Here’s the statement from Alex, which accompanied the release of the briefing memo:

“While it is wise to solicit and consider military spouse input on policy changes that will have a major impact on military families, it is extremely unwise to do so for issues that have minimal impact on spouses while also using poorly designed, biased and derogatory survey instruments,” said Alexander Nicholson, Executive Director of Servicemembers United and a former U.S. Army interrogator who was discharged under “Don’t Ask, Don’t Tell.” “The Pentagon should be concerned with real family readiness issues like excessive deployments, inadequate mental health screenings and support, low troop pay, reductions in housing subsidies for military families, and inadequate spousal employment support instead of spending .4 million on a politically-motivated and unnecessary survey about gays and lesbians.”

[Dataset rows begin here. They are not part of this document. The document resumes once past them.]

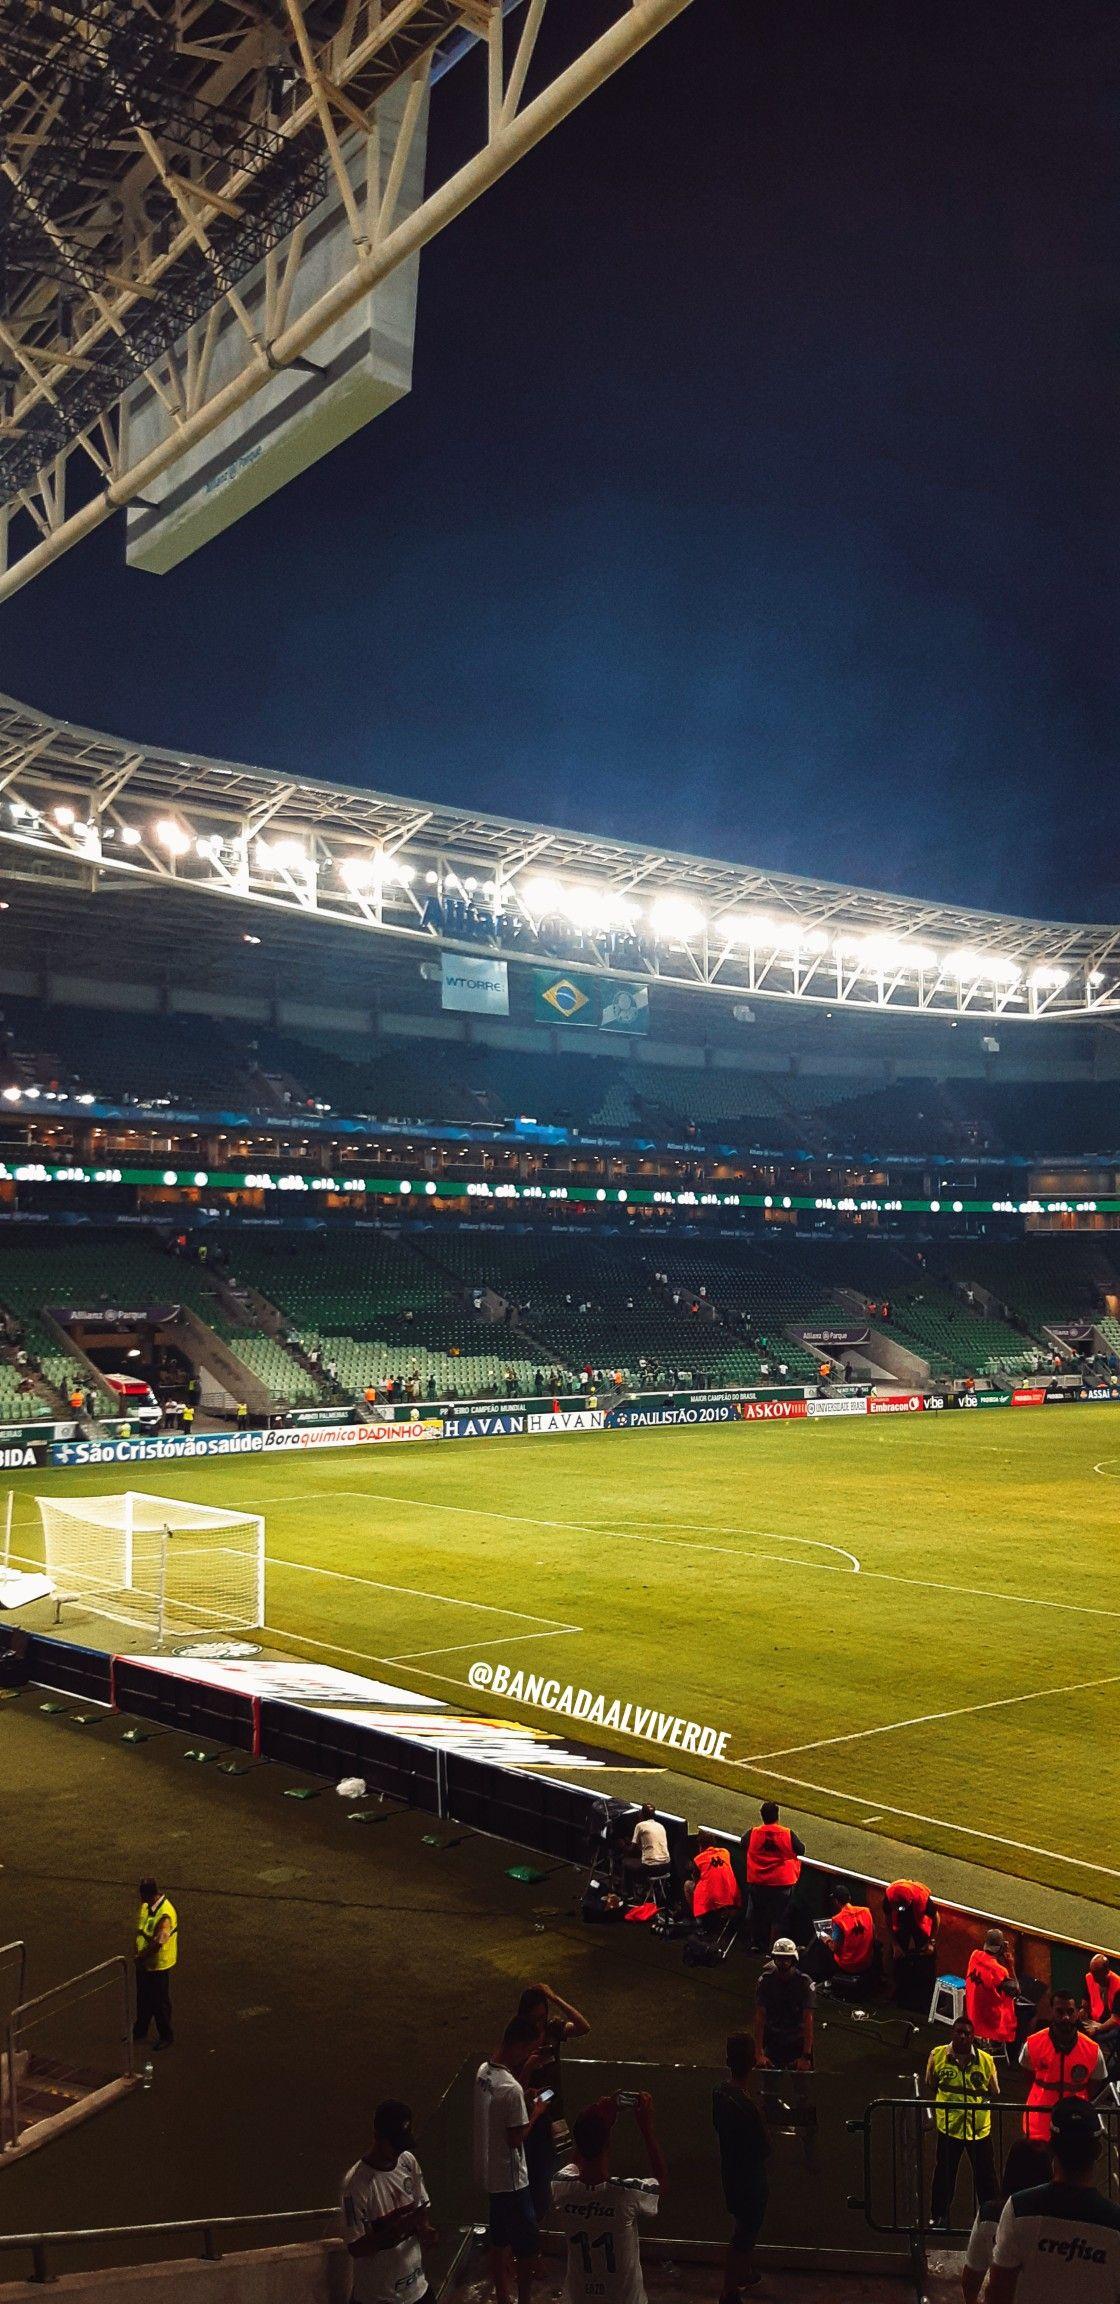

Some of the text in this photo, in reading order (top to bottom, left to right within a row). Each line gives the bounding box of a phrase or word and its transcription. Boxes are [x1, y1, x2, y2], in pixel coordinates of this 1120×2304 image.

[630, 1407, 729, 1426] PAULISTÃO 2019
[746, 1402, 791, 1419] ASKOV
[444, 1416, 525, 1438] HAVAN
[531, 1412, 602, 1432] HAVAN
[358, 1425, 424, 1441] DADINHO
[75, 1443, 115, 1464] São
[208, 1432, 263, 1454] saúde
[569, 2230, 616, 2274] 11
[1038, 2237, 1106, 2264] crefisa
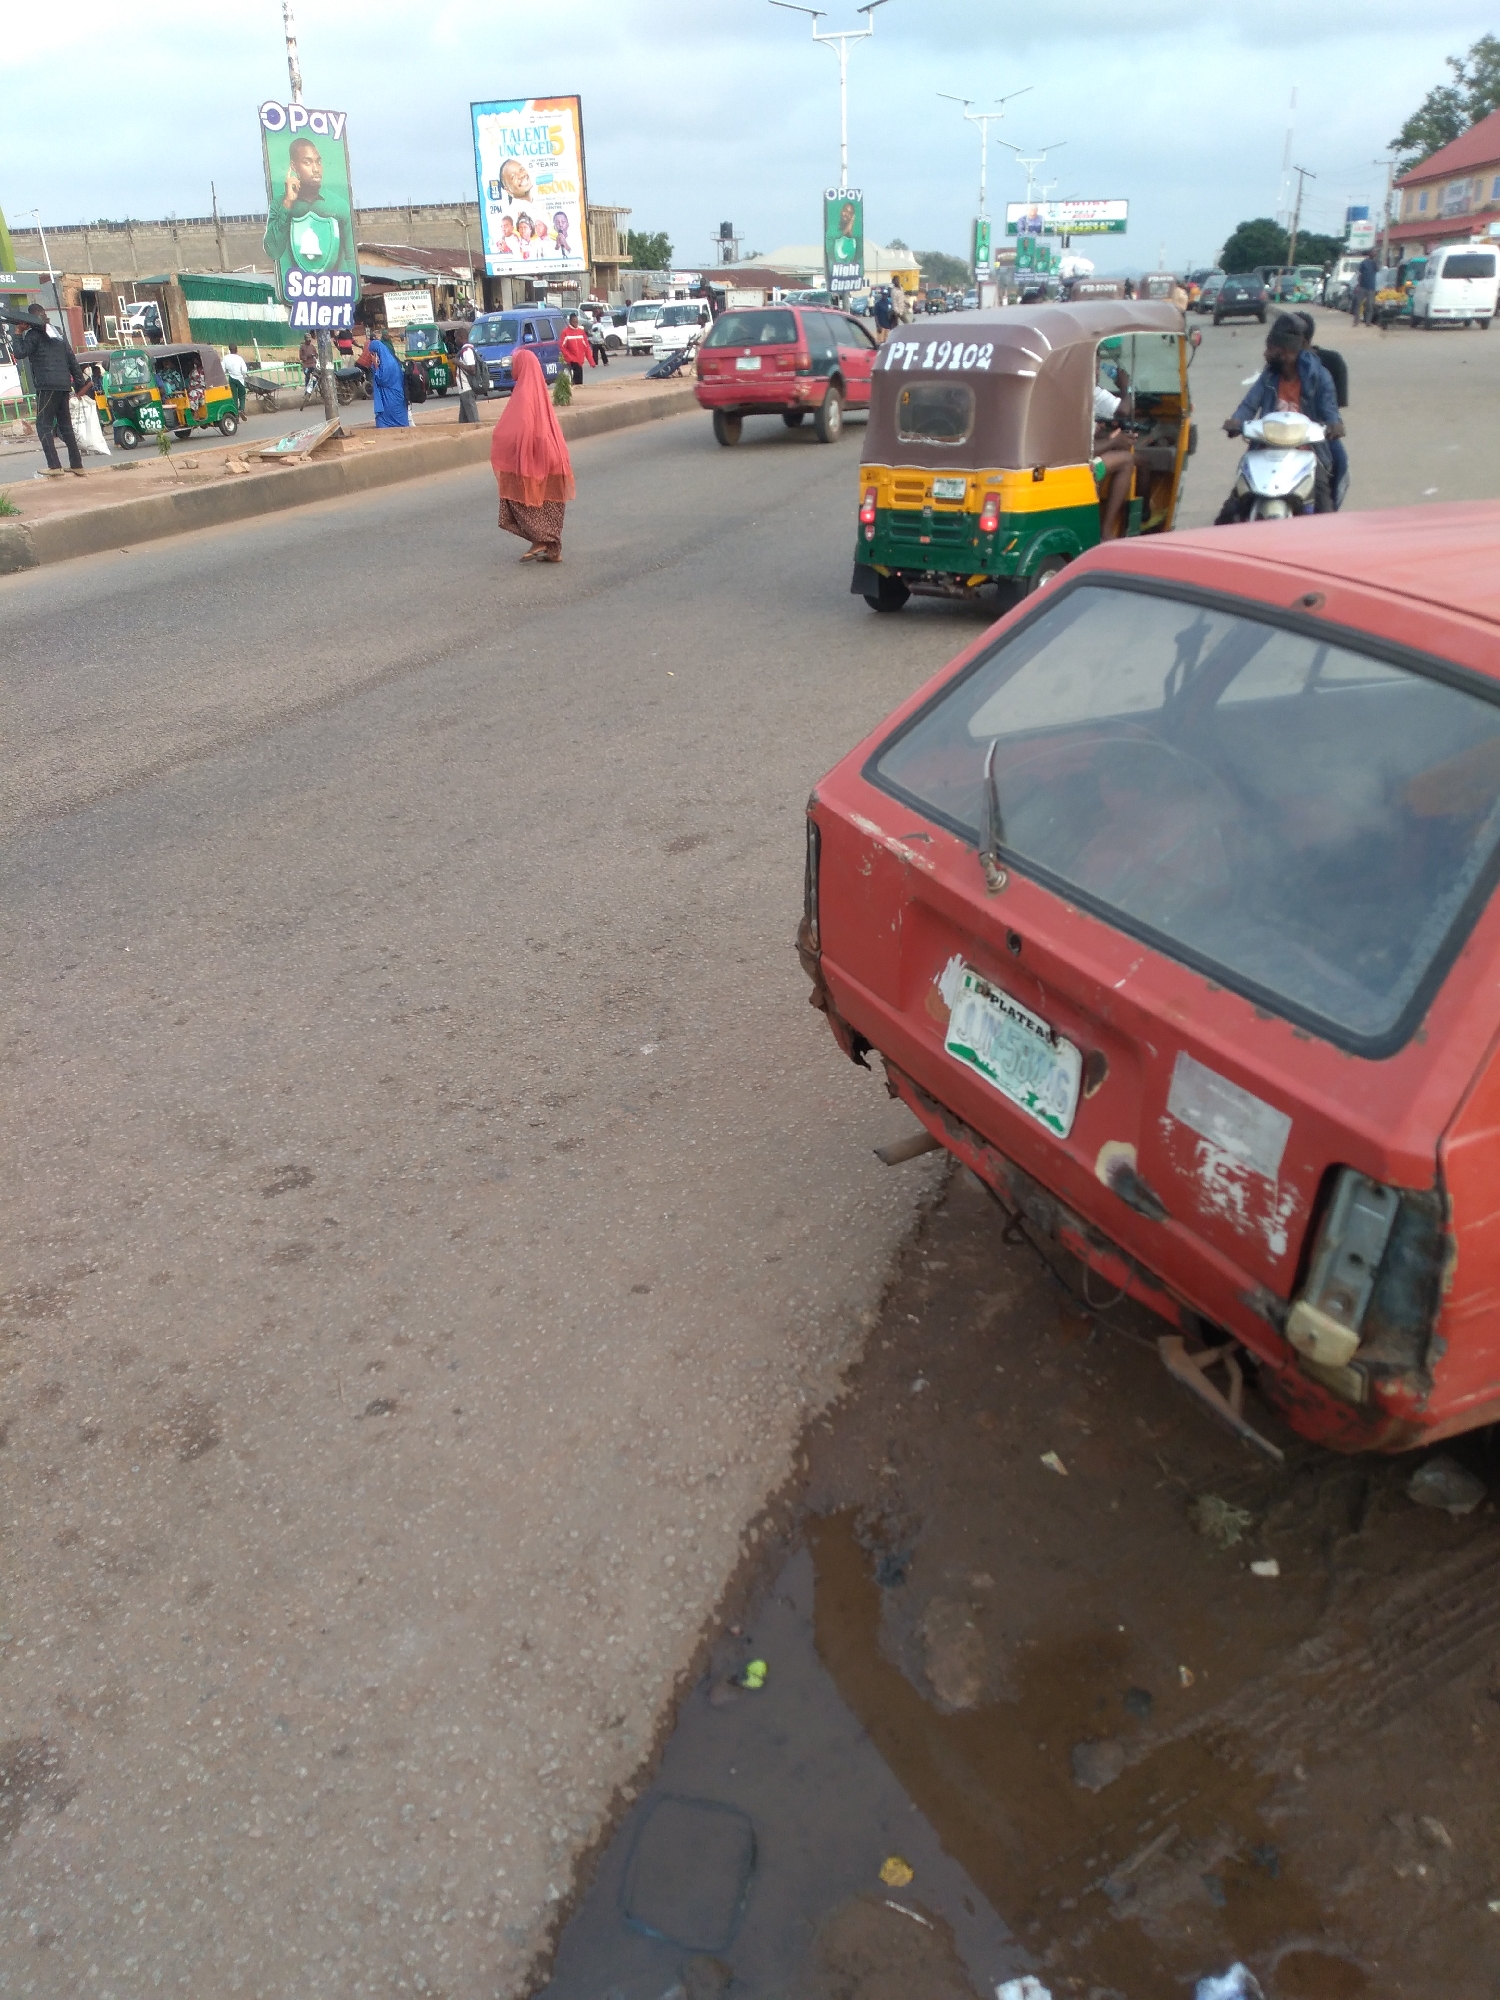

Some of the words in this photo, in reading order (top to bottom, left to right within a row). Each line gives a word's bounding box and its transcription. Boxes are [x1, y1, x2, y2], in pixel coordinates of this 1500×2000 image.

[260, 101, 346, 139] OPay
[500, 125, 549, 142] TALENT
[548, 125, 565, 156] 5
[499, 141, 554, 157] UNCAGED
[825, 187, 863, 202] OPay
[490, 205, 503, 215] 2PM
[832, 264, 860, 277] Night
[288, 272, 352, 297] Scam
[831, 278, 862, 291] Guard
[294, 301, 353, 326] Alert
[884, 340, 994, 370] PT-19102
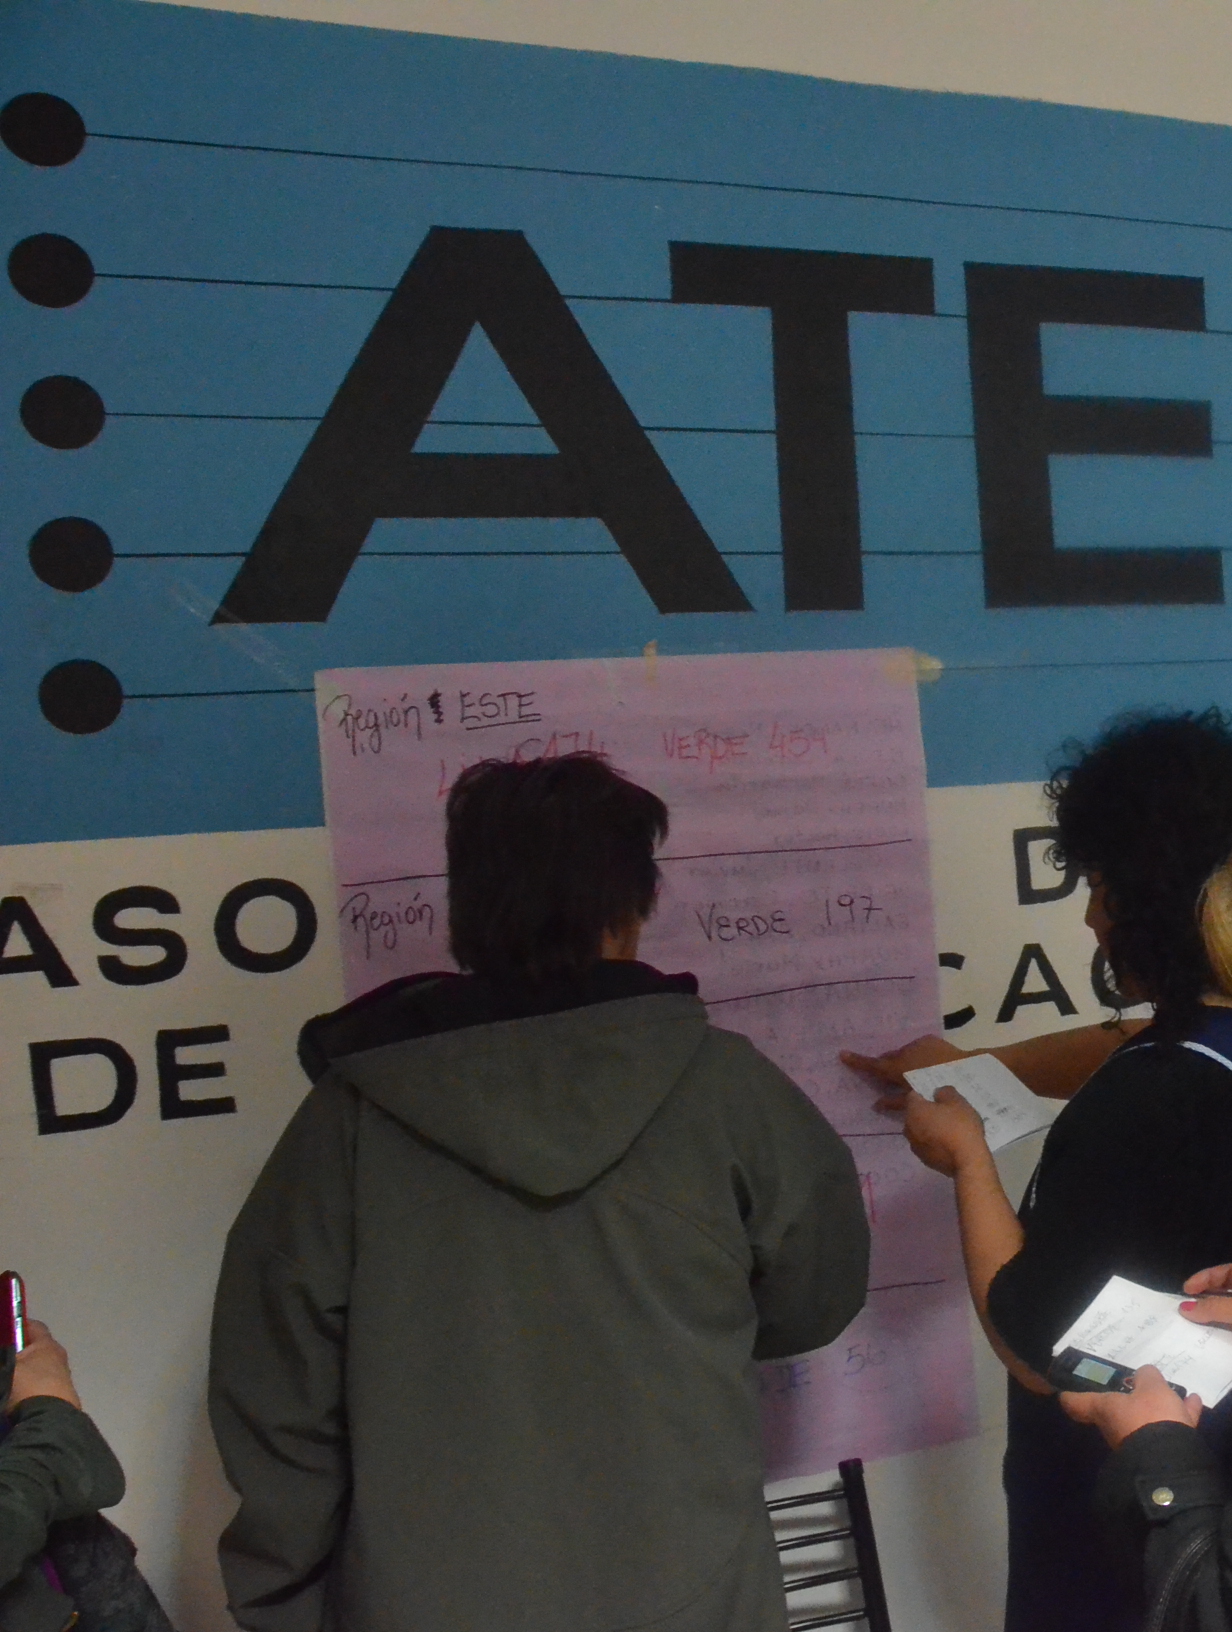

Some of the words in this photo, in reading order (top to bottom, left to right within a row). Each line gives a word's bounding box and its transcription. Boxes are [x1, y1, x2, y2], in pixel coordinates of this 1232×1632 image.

[458, 690, 543, 724] ESTE
[662, 727, 750, 775] VERDE
[0, 877, 318, 988] ASO
[697, 909, 791, 942] VERDE
[28, 1023, 238, 1136] DE
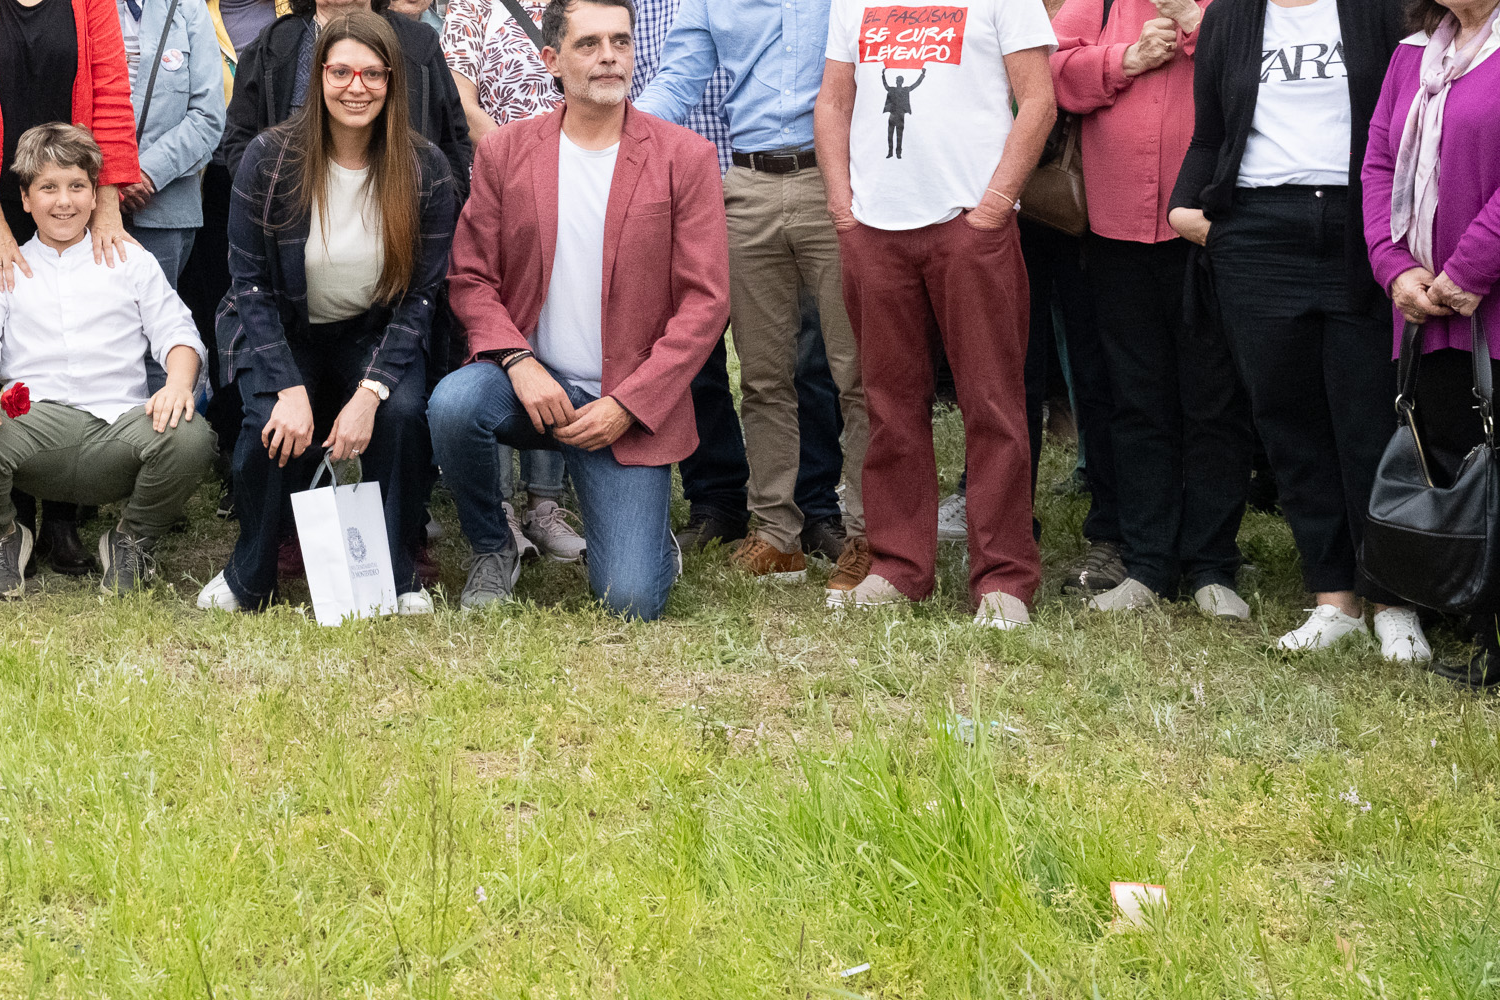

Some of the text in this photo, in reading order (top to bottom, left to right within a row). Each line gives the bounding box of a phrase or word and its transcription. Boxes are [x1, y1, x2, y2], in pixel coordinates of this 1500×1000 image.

[864, 8, 964, 26] EL FASCISMO
[865, 26, 957, 45] SE CURA
[863, 44, 951, 62] LEYENDO

And, here’s an excerpt from the memo:

14) Question 29: “Assume Don’t Ask, Don’t Tell is repealed and your spouse is deployed. Would the presence of a partner of a gay or lesbian Service member affect how often you attend deployment-support activities?” (and one similar question – question 35)

This has to be the single most insensitive, disrespectful, selfish, and just plain cruel question in the entire spouse survey. The partners of gay and lesbian troops who are deployed hurt, worry, cry, stress, and suffer just as much – if not more, because of “Don’t Ask, Don’t Tell” – than the partners and spouses of straight troops. To even entertain the idea, much less suggest it, that fleeting discomfort of straight partners and spouses should lead to denial of support for the agonizing partners of gay and lesbian troops is simply horrendous, cruel, and inhumane. Keep in mind that even the girlfriends and boyfriends of straight troops get some support during their partners’ deployments. So a straight one- night-stand is given a higher priority under current military policy – and this question – than a devoted partner of 20 years.

I stand by what I wrote on Saturday in my first post about the spouse’s survey:

You have to wonder how the hell the Pentagon came up with these questions. Makes me think Elaine Donnelly had a hand in writing the survey. And, we’ve been told repeatedly, the Pentagon study is about “how” to implement repeal, not “if.” But, everything we see from the Pentagon seems to be a lesson in how not to implement repeal.